*** Begin section ***

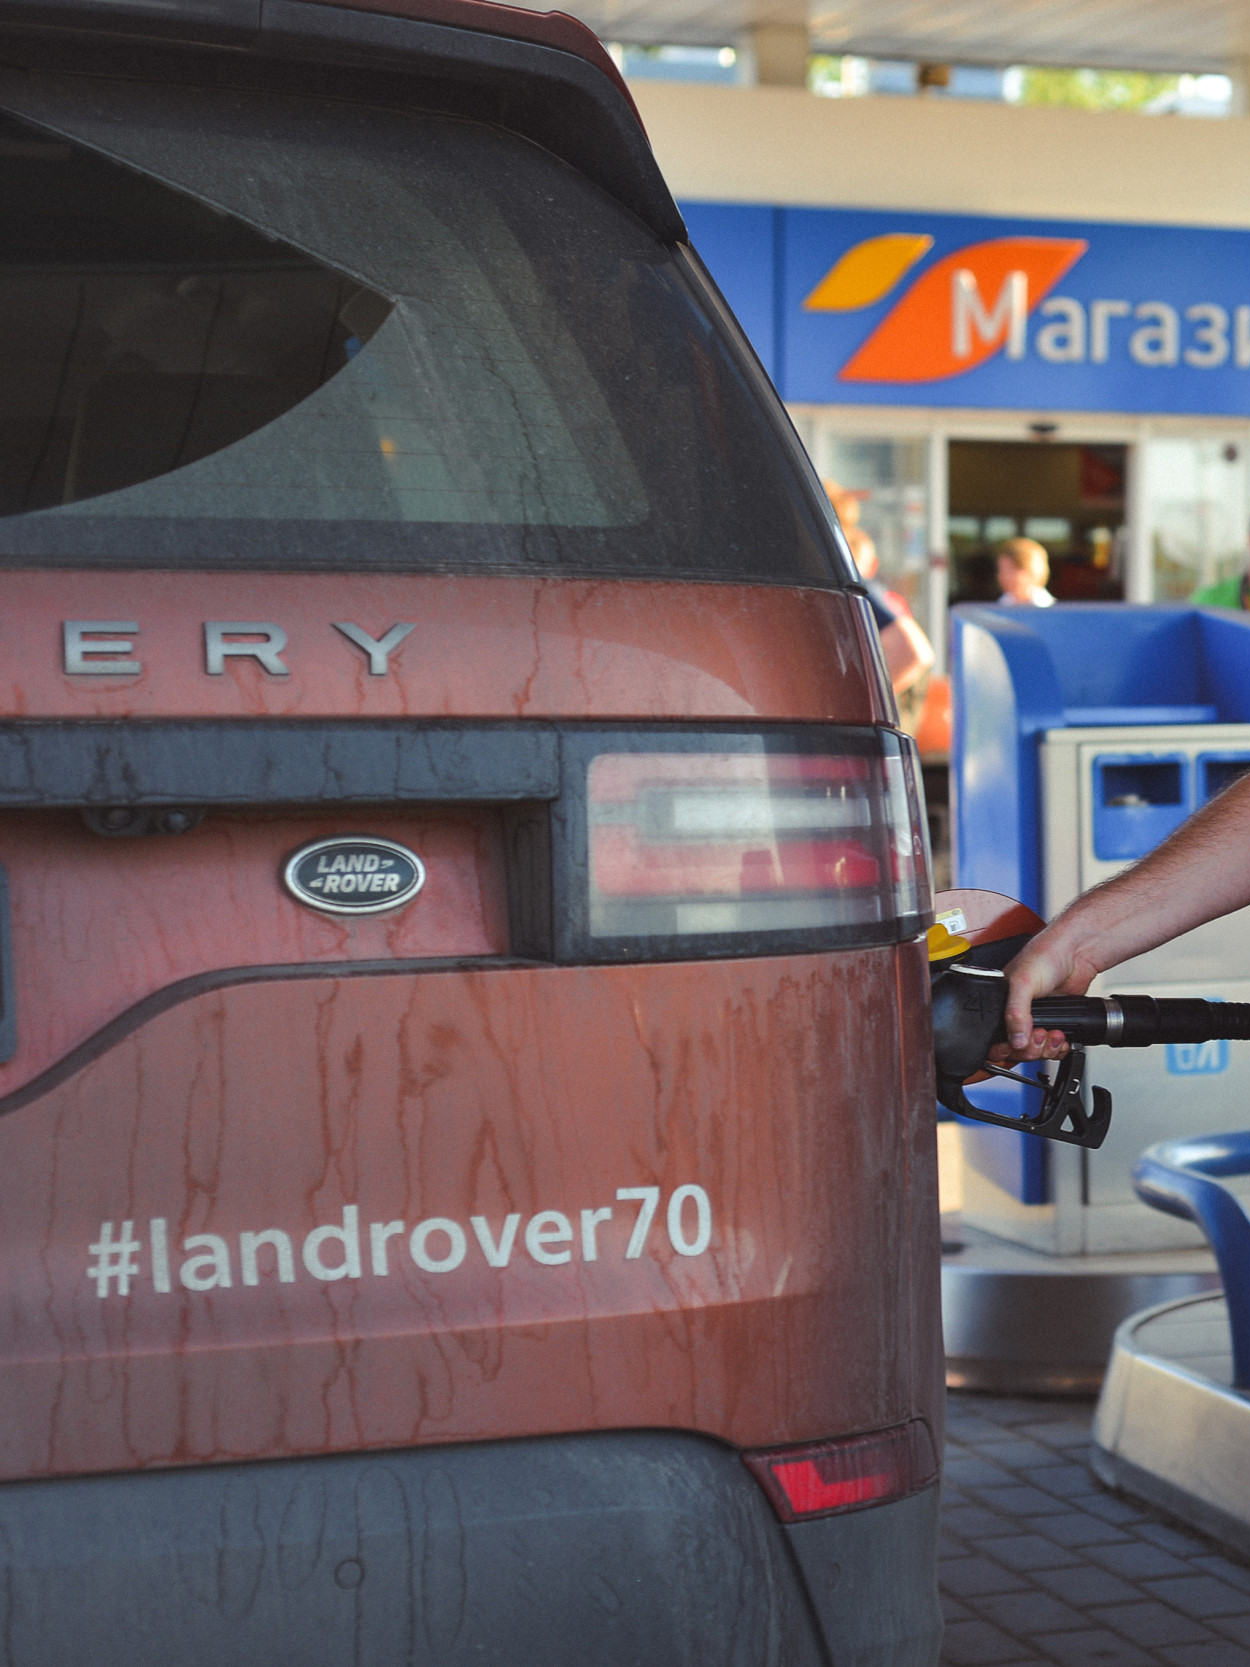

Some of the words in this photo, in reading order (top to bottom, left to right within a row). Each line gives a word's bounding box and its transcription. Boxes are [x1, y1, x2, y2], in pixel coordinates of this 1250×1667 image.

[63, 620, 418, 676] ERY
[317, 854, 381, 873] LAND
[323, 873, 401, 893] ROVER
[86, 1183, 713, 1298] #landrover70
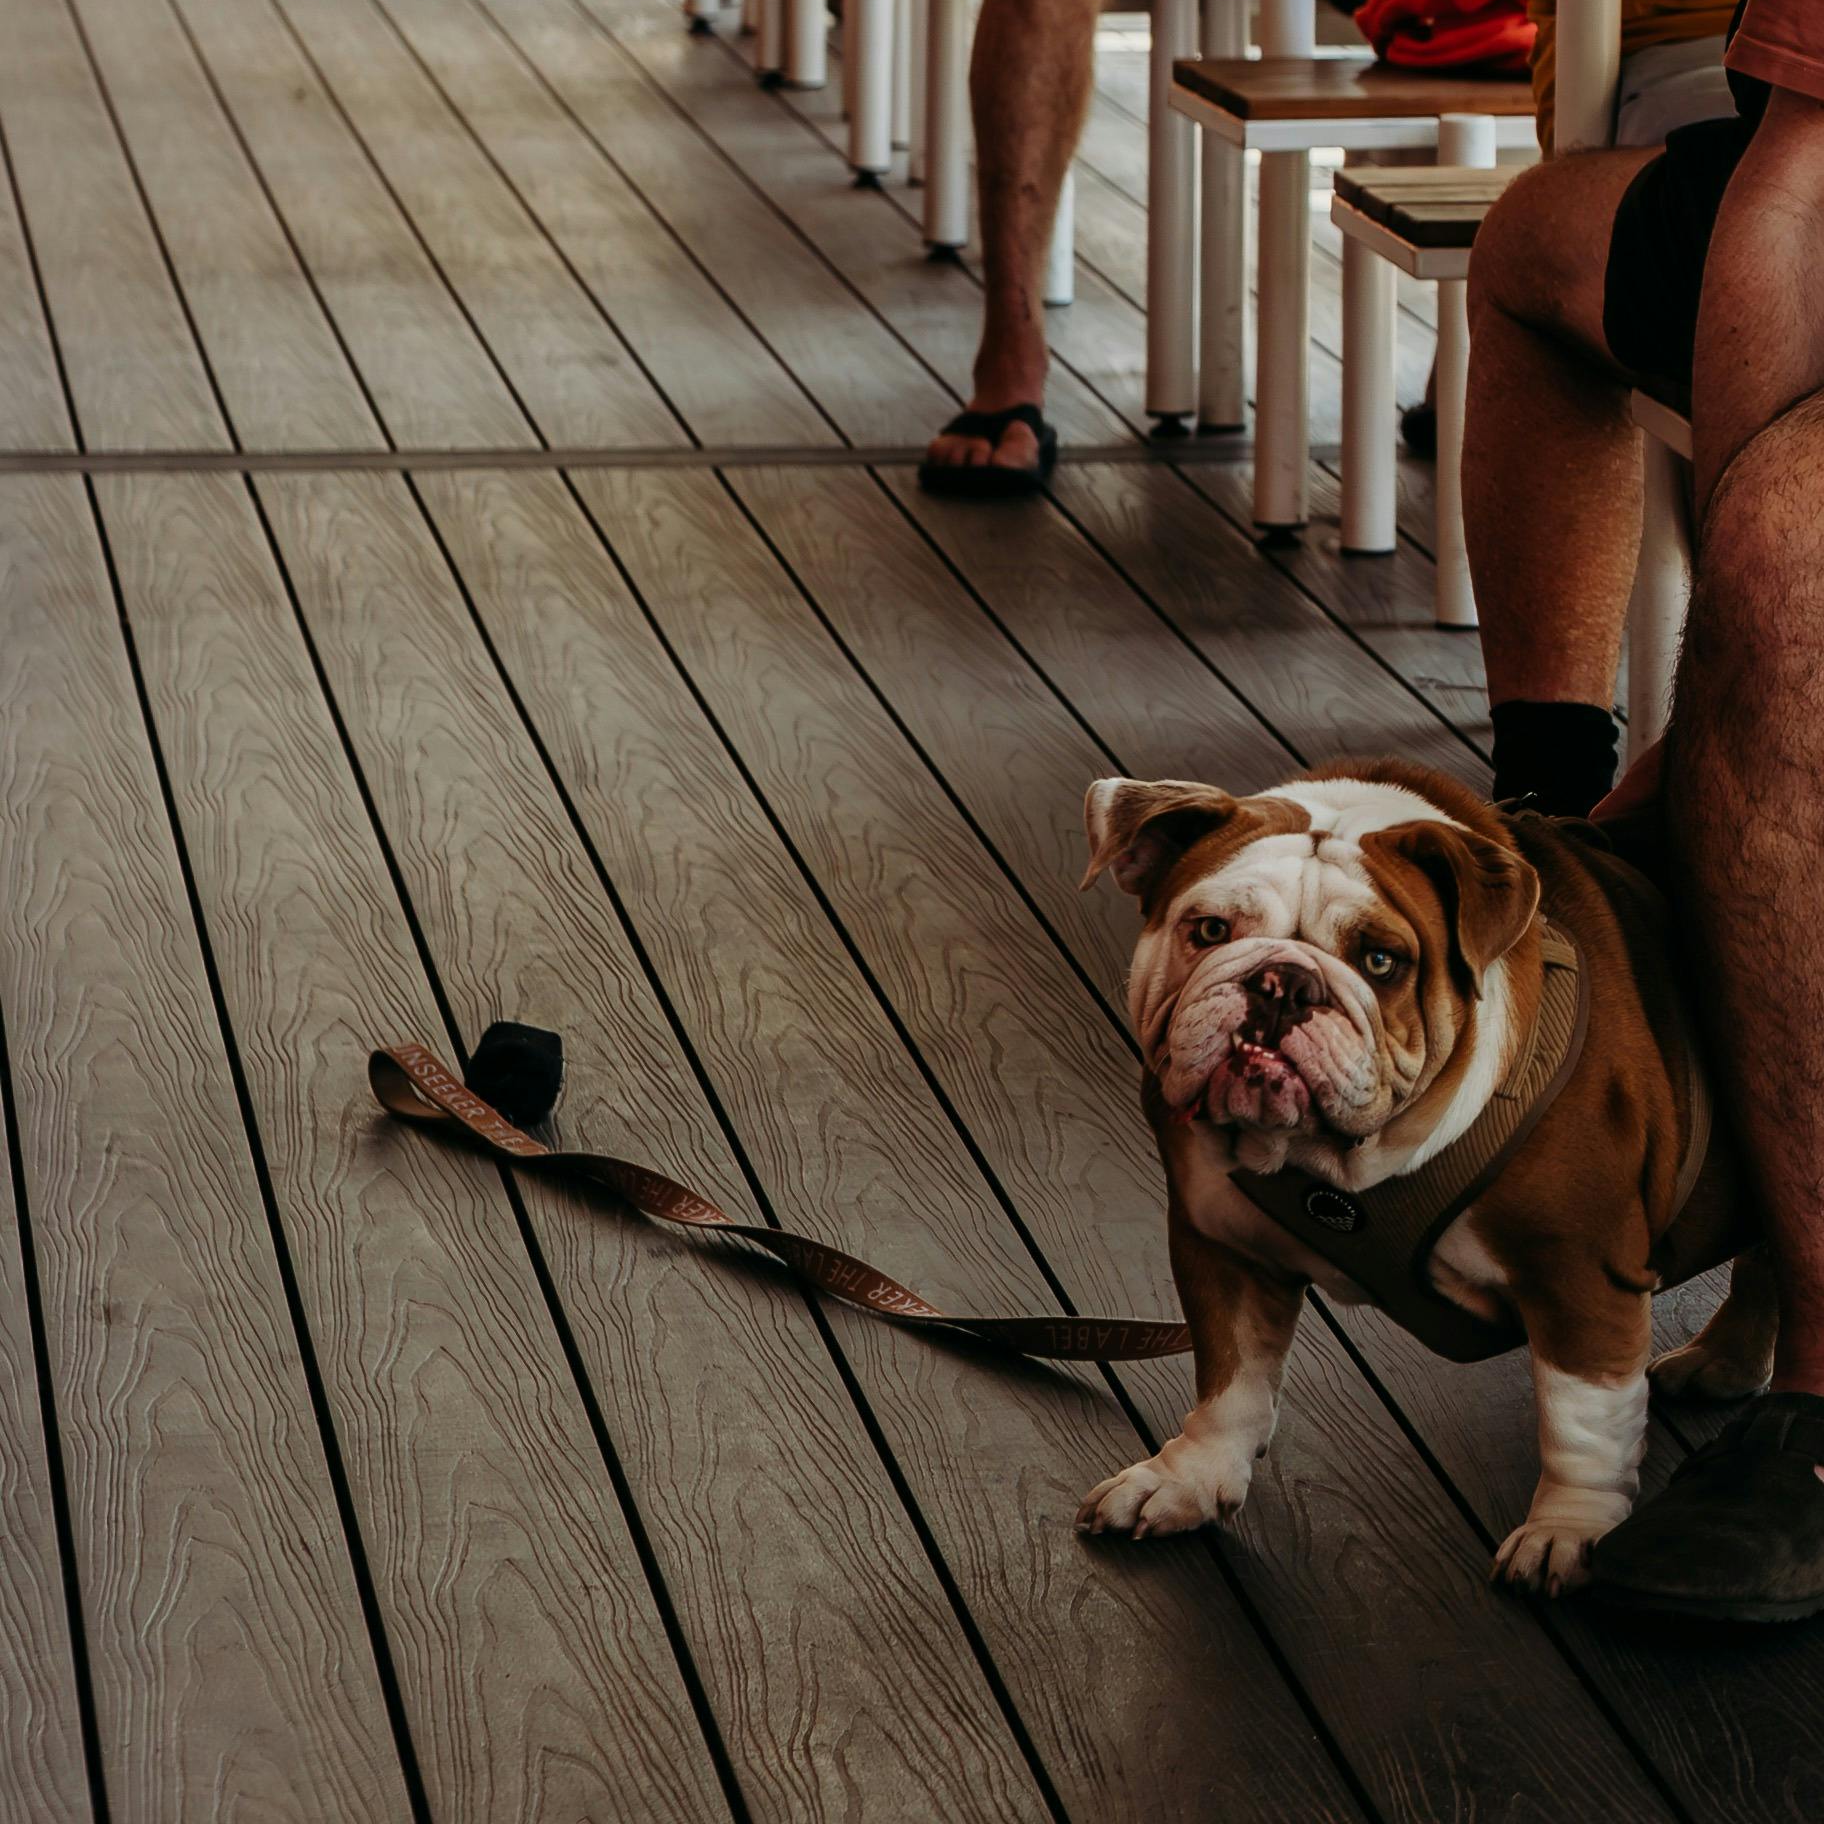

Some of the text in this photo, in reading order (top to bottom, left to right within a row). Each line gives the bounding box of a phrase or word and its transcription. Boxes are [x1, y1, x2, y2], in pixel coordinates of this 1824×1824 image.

*** End section ***

- About this exercise -
Everything in the records above must be restated verbatim, save for the pictures.

- Output for this task -
Some of the words in this photo, in reading order (top to bottom, left to right within a row). Each line gives a word's bounding box and its transcription. Boxes are [x1, y1, x2, y2], in pixel coordinates of this 1250×1667 image.

[63, 620, 418, 676] ERY
[317, 854, 381, 873] LAND
[323, 873, 401, 893] ROVER
[86, 1183, 713, 1298] #landrover70

Some of the text in this photo, in reading order (top to bottom, left to right within a row). Each line gives the bounding box of a phrase or word and its transcription. Boxes are [x1, y1, x2, y2], in pixel coordinates of this 1824×1824 image.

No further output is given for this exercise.